• **Work request**
An exact copy of every entry is required, without the pictures.

• **Records supplied**
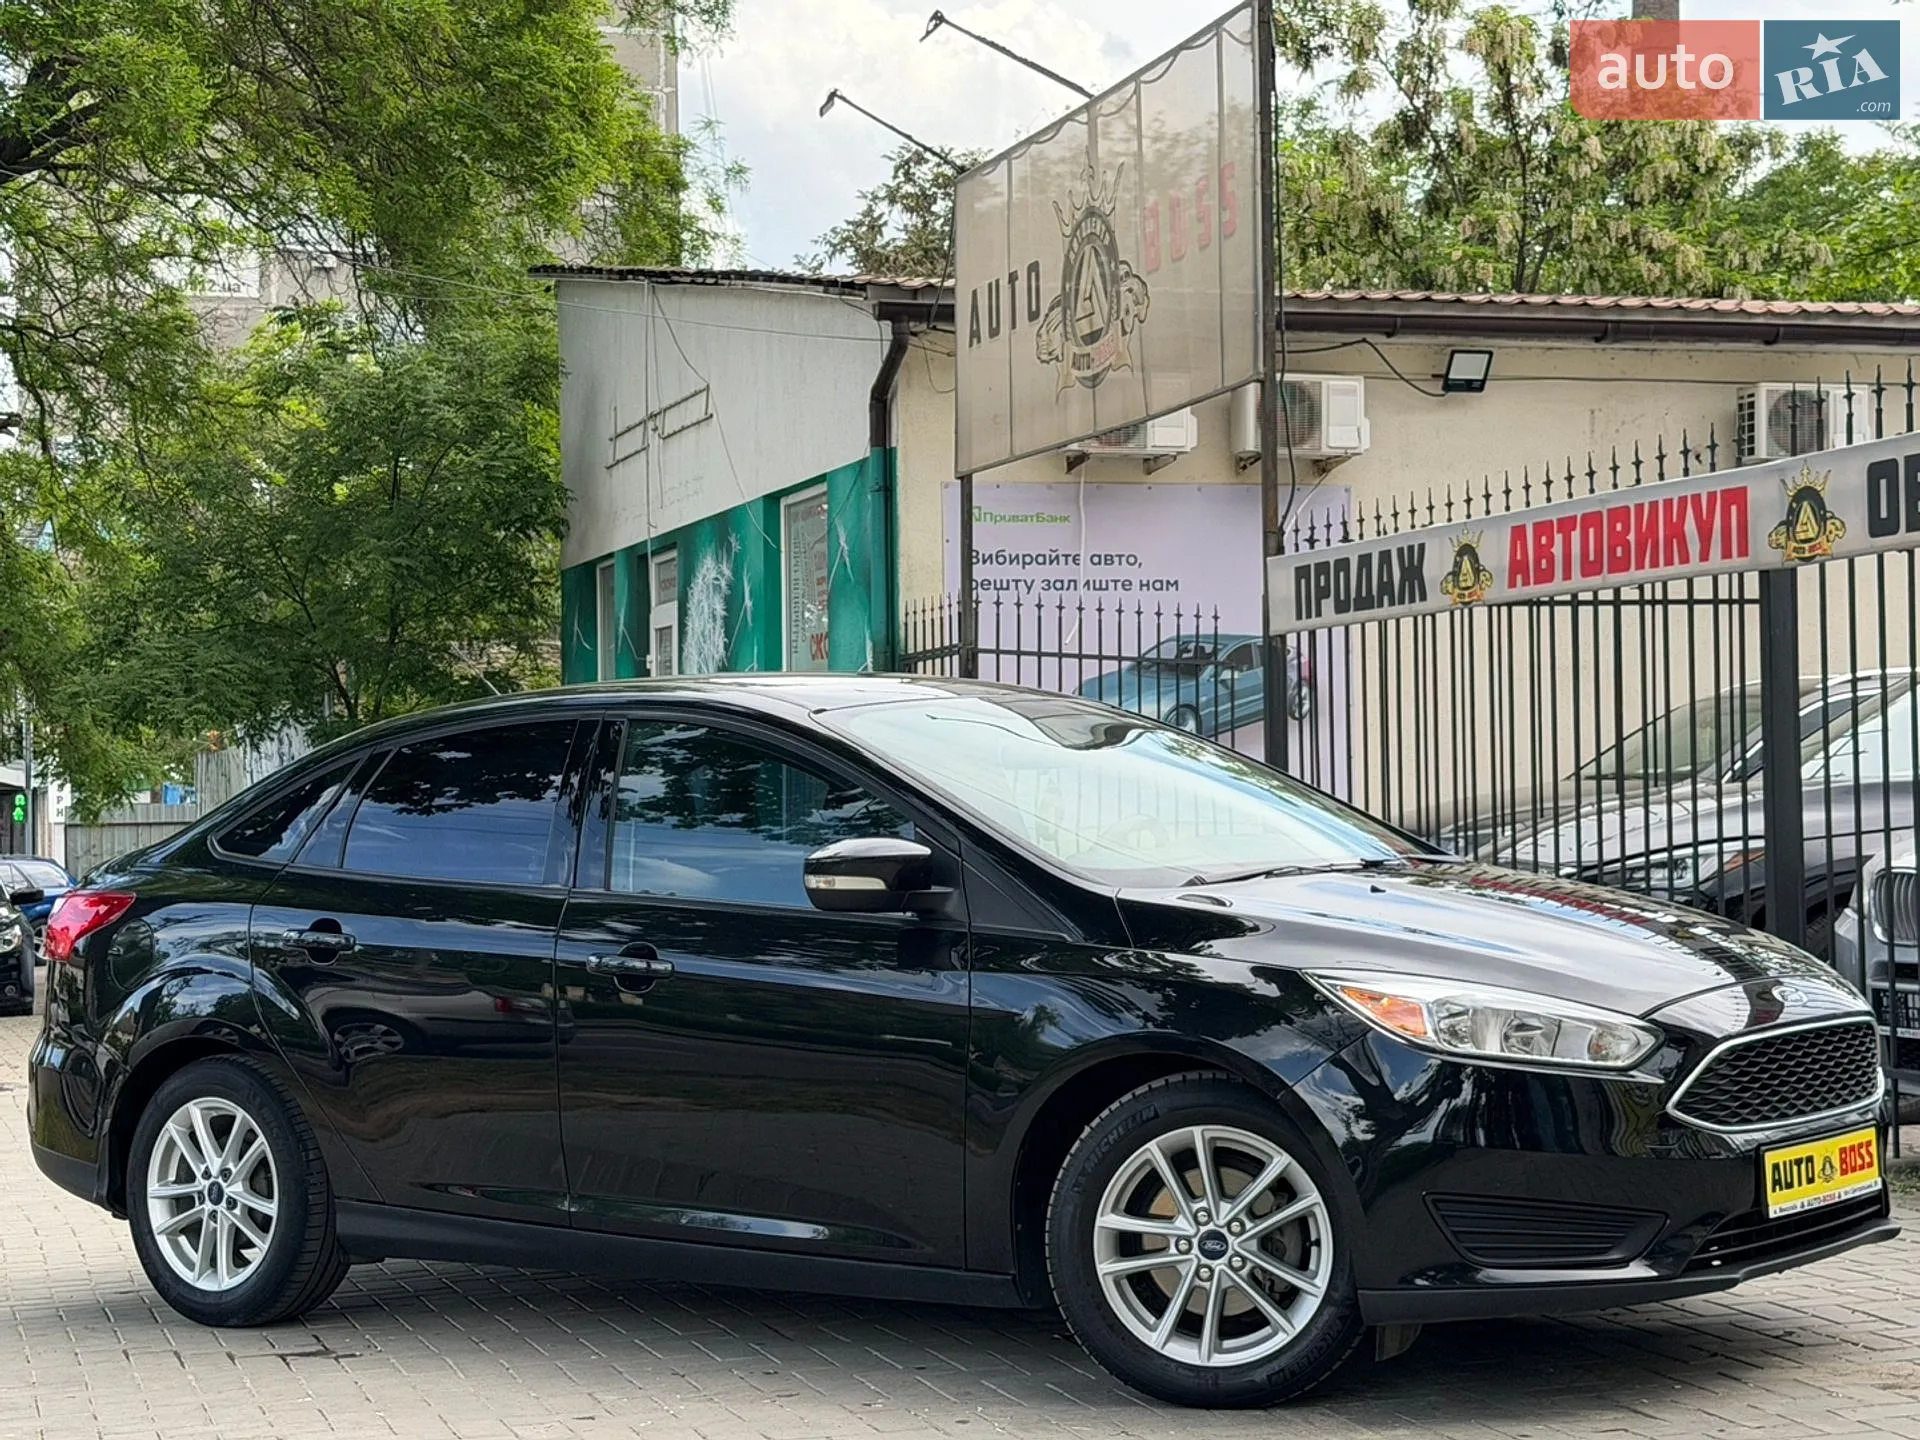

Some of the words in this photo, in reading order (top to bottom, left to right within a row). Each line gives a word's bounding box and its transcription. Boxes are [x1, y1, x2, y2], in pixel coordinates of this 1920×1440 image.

[968, 260, 1041, 348] AUTO
[1142, 160, 1238, 276] BOSS
[982, 511, 1071, 524] ПриватБанк
[972, 548, 1081, 570] Вибирайте
[1089, 553, 1143, 568] авто,
[1294, 542, 1428, 621] ПРОДАЖ
[1507, 485, 1750, 590] АВТОВИКУП
[1040, 578, 1133, 591] залиште
[1138, 579, 1179, 591] нам
[1771, 1154, 1816, 1194] AUTO
[1838, 1140, 1875, 1177] BOSS

• **The completed task**
Some of the words in this photo, in reading order (top to bottom, left to right within a row). Each line gives a word's bounding box and its transcription. Boxes are [x1, y1, x2, y2], in pixel coordinates of this 1920×1440 image.

[968, 260, 1041, 348] AUTO
[1142, 160, 1238, 276] BOSS
[982, 511, 1071, 524] ПриватБанк
[972, 548, 1081, 570] Вибирайте
[1089, 553, 1143, 568] авто,
[1294, 542, 1428, 621] ПРОДАЖ
[1507, 485, 1750, 590] АВТОВИКУП
[1040, 578, 1133, 591] залиште
[1138, 579, 1179, 591] нам
[1771, 1154, 1816, 1194] AUTO
[1838, 1140, 1875, 1177] BOSS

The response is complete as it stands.